Выбрать главу

Нелепо, да и смешно предположить, что речь идет об одном из гениев прошлого или настоящего, которого Мандельштам мог бы отнести к равному себе и своему гениальному дару, скажем о Данте, Пушкине, Пастернаке или о каком-то другом великом поэте. У строки «И меня только равный убьет» может быть только один, осознанно исполненный справедливой гордости не только за себя, но и вообще за чудотворное явление Поэта в словесности мира, высокий смысл. Он скромно намекает – поэтому не сразу пронзает сердце своей истинностью – на то, что «равных» – кому под силу убить поэта – нет, не было и никогда не будет. Собственно, это и есть залог бессмертия Поэзии, и Мандельштам не случайно не называет имя убийцы, равного себе – Поэту. Сей факт с величественной простотой декларирует такого рода высокое равенство как невозможность Поэзии/Поэта быть убитыми, если уж на то пошло, даже Самим Создателем Творенья, которого Поэт призван славить и, конечно, разделять с Ним все радости существования, трагизм бытия и мучительный миг распятия, к чему Осип Мандельштам, по его собственному признанию, был готов.

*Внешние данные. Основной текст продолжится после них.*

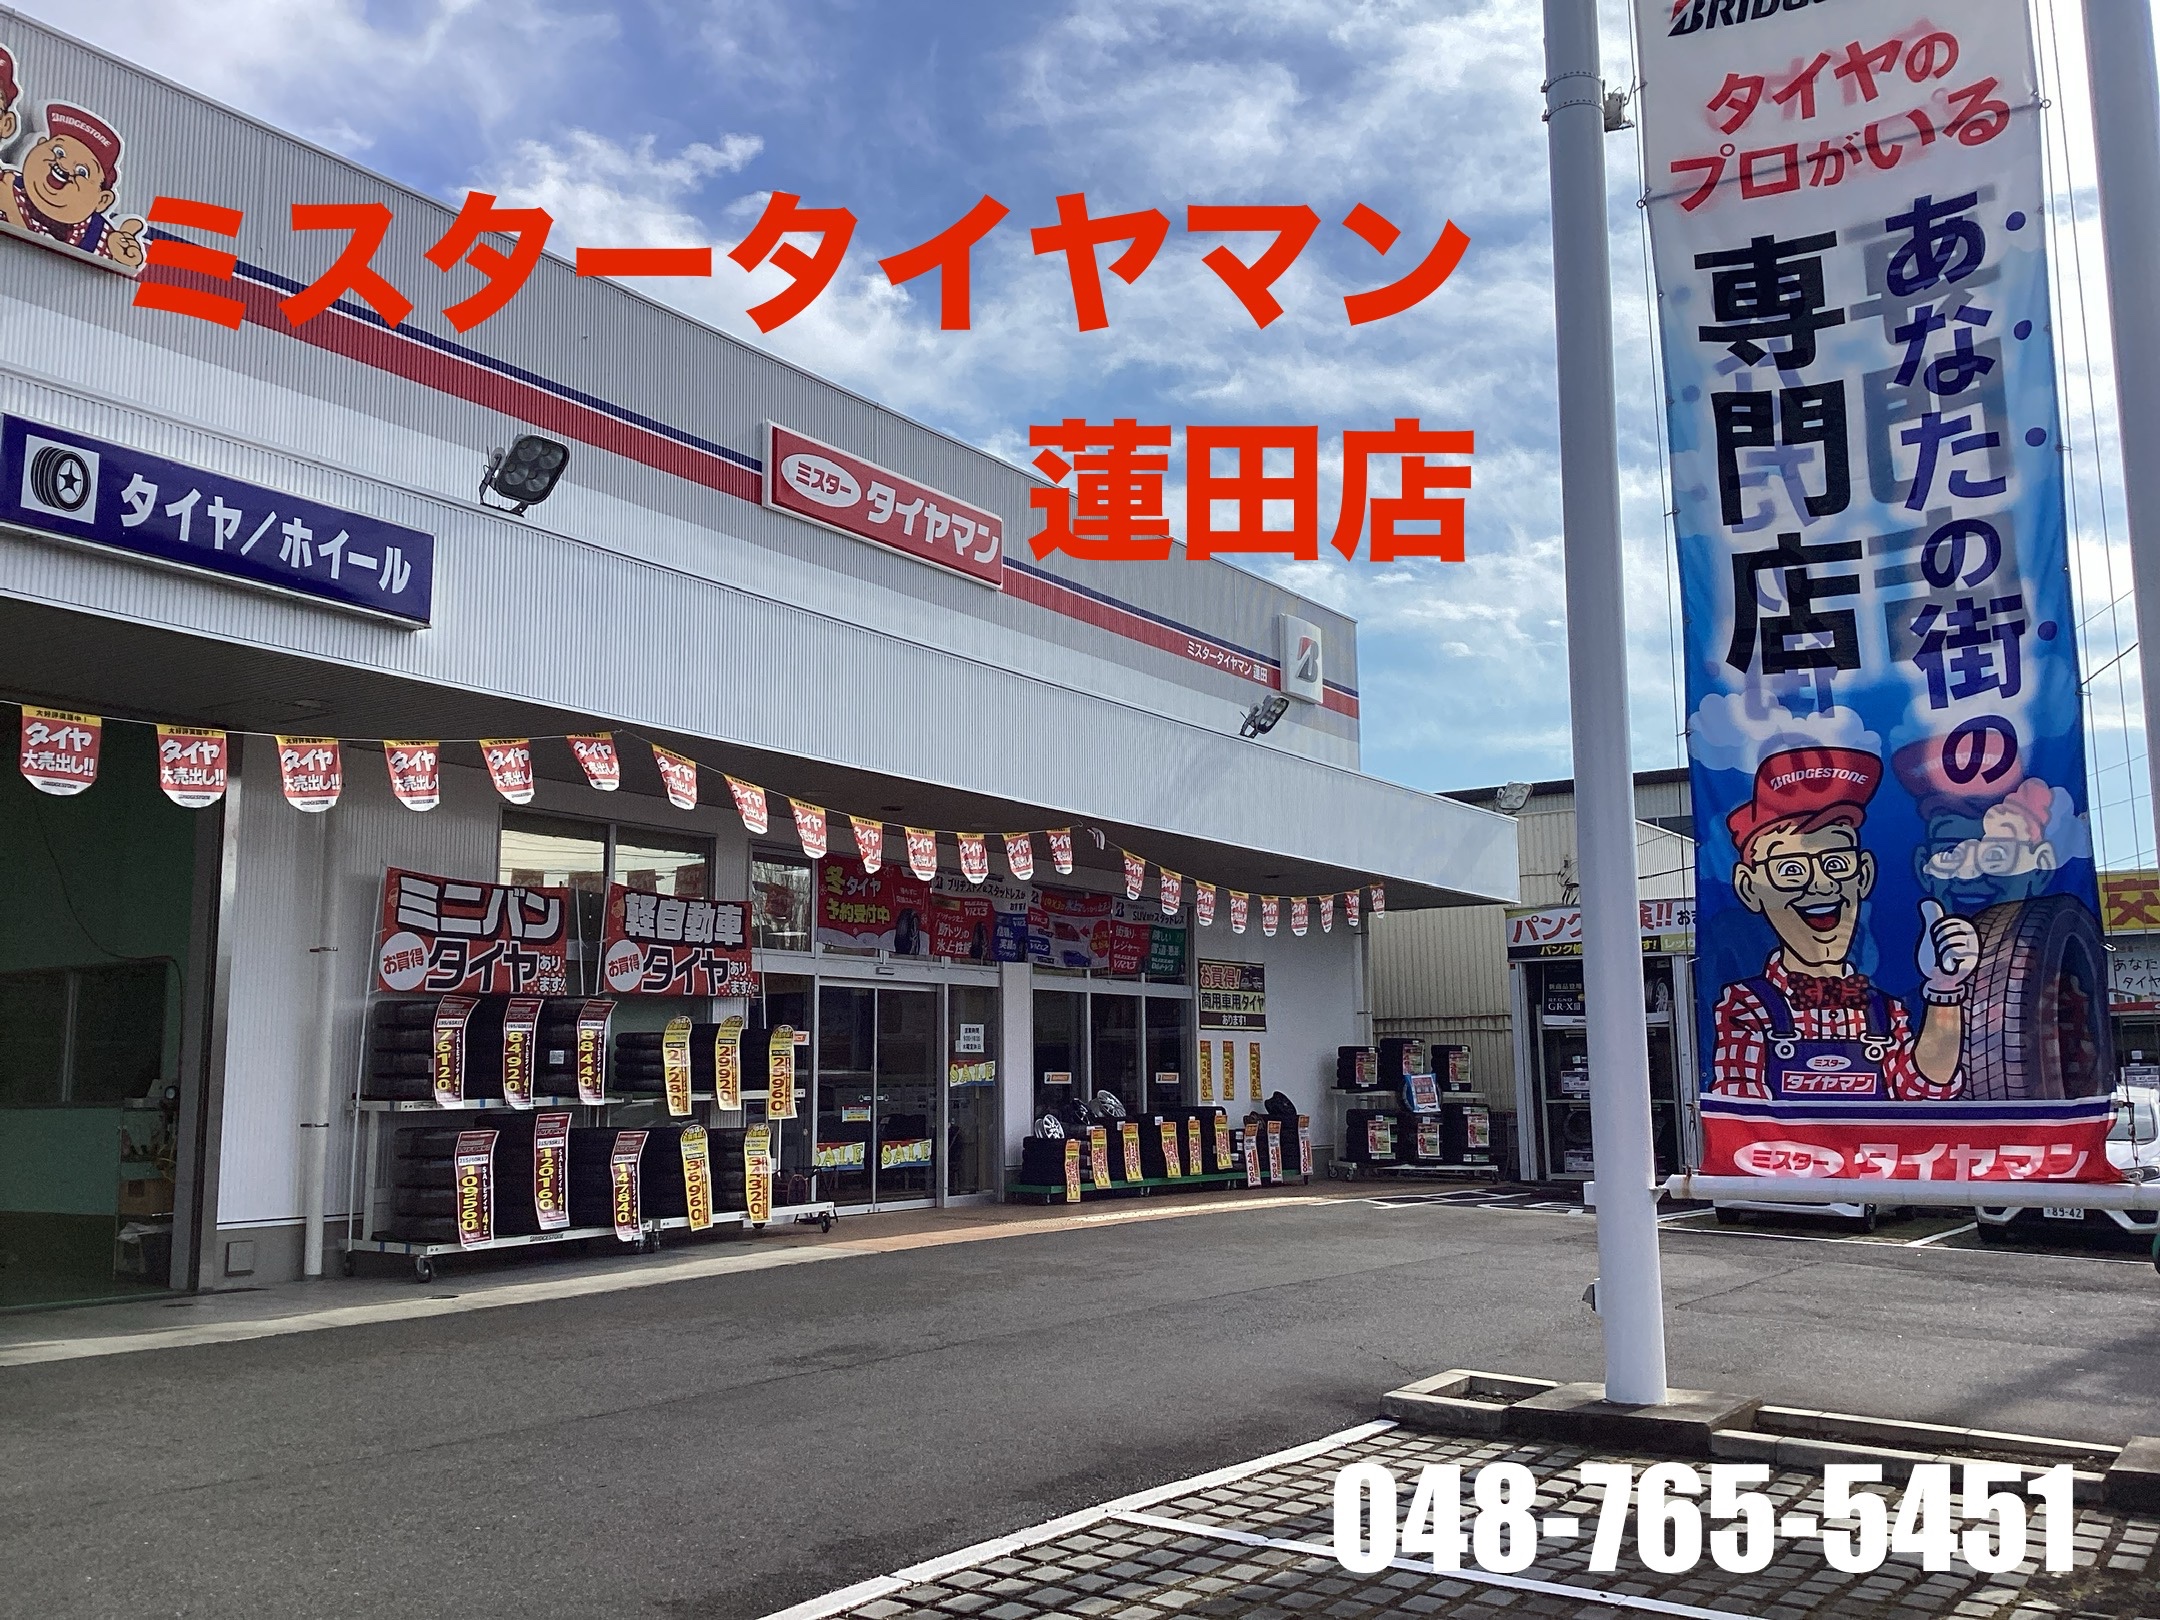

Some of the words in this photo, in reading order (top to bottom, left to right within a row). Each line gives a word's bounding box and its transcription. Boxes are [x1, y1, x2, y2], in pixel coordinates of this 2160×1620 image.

[1707, 31, 1960, 136] タイヤの
[51, 112, 112, 147] BRIDGESTONE
[1670, 76, 2011, 213] プロがいる
[1693, 230, 1863, 677] 専門店
[1885, 190, 2026, 785] あなたの街の
[796, 460, 852, 494] ミスター
[866, 480, 999, 564] タイヤマン
[1187, 640, 1252, 676] ミスタータイヤマン
[1252, 663, 1268, 684] 蓮田
[25, 721, 93, 752] タイヤ
[22, 749, 95, 777] 大売出し!!
[160, 739, 220, 766] タイヤ
[280, 748, 334, 773] タイヤ
[390, 749, 437, 773] タイヤ
[487, 748, 530, 771] タイヤ
[573, 740, 612, 761] タイヤ
[161, 765, 225, 787] 大売出し!!
[656, 756, 694, 782] タイヤ
[1770, 767, 1869, 792] BRIDGESTONE
[283, 774, 341, 792] 大売出し!!
[731, 784, 764, 809] タイヤ
[793, 808, 823, 832] タイヤ
[907, 833, 934, 854] タイヤ
[959, 840, 984, 859] タイヤ
[1006, 839, 1030, 857] タイヤ
[824, 865, 882, 897] 冬タイヤ
[397, 875, 561, 940] ミニバン
[826, 897, 891, 925] 予約受付中
[2101, 878, 2160, 926] 交
[624, 892, 743, 946] 軽自動車
[1512, 912, 1582, 944] パンク
[936, 938, 972, 955] 氷上性能
[382, 946, 425, 975] お買得
[425, 937, 540, 994] タイヤ
[539, 955, 561, 971] あり
[608, 953, 640, 978] お買得
[641, 944, 730, 996] タイヤ
[730, 961, 747, 977] あり
[1113, 960, 1137, 971] VRX3
[1200, 964, 1242, 990] お買得!
[1201, 992, 1265, 1012] 商用車用タイヤ
[1221, 1014, 1247, 1026] あります!
[950, 1063, 995, 1083] SALE
[1813, 1058, 1846, 1068] ミスター
[1785, 1073, 1874, 1092] タイヤマン
[816, 1144, 863, 1167] SALE
[882, 1141, 931, 1164] SALE
[1752, 1150, 1829, 1170] ミスター
[1855, 1143, 2089, 1182] タイヤマン
[2052, 1207, 2082, 1218] 89-42

Как человека, поэта можно вздернуть на дыбу, удавить, поставить к стенке, стереть в лагерную пыль – тому достаточно примеров в мировой и отечественной истории, – однако написанного вечным пером не вырубить топором временно всесильного водилы.

Поэт всего одной строкой низвел до ничтожной нелюди владык ССП, коллег-лизоблюдов и шарлатанов агитпроповской псевдомифологической туфты, воспевавших обоих человеко-давов, которых до сих пор официально не заклеймили палачами всех народов России, тогда как толпы фанатиков ленинско-сталинской утопии, намеренно извращая почти вековую историю многострадальной жизни нашего Отечества, жаждут «твердой руки».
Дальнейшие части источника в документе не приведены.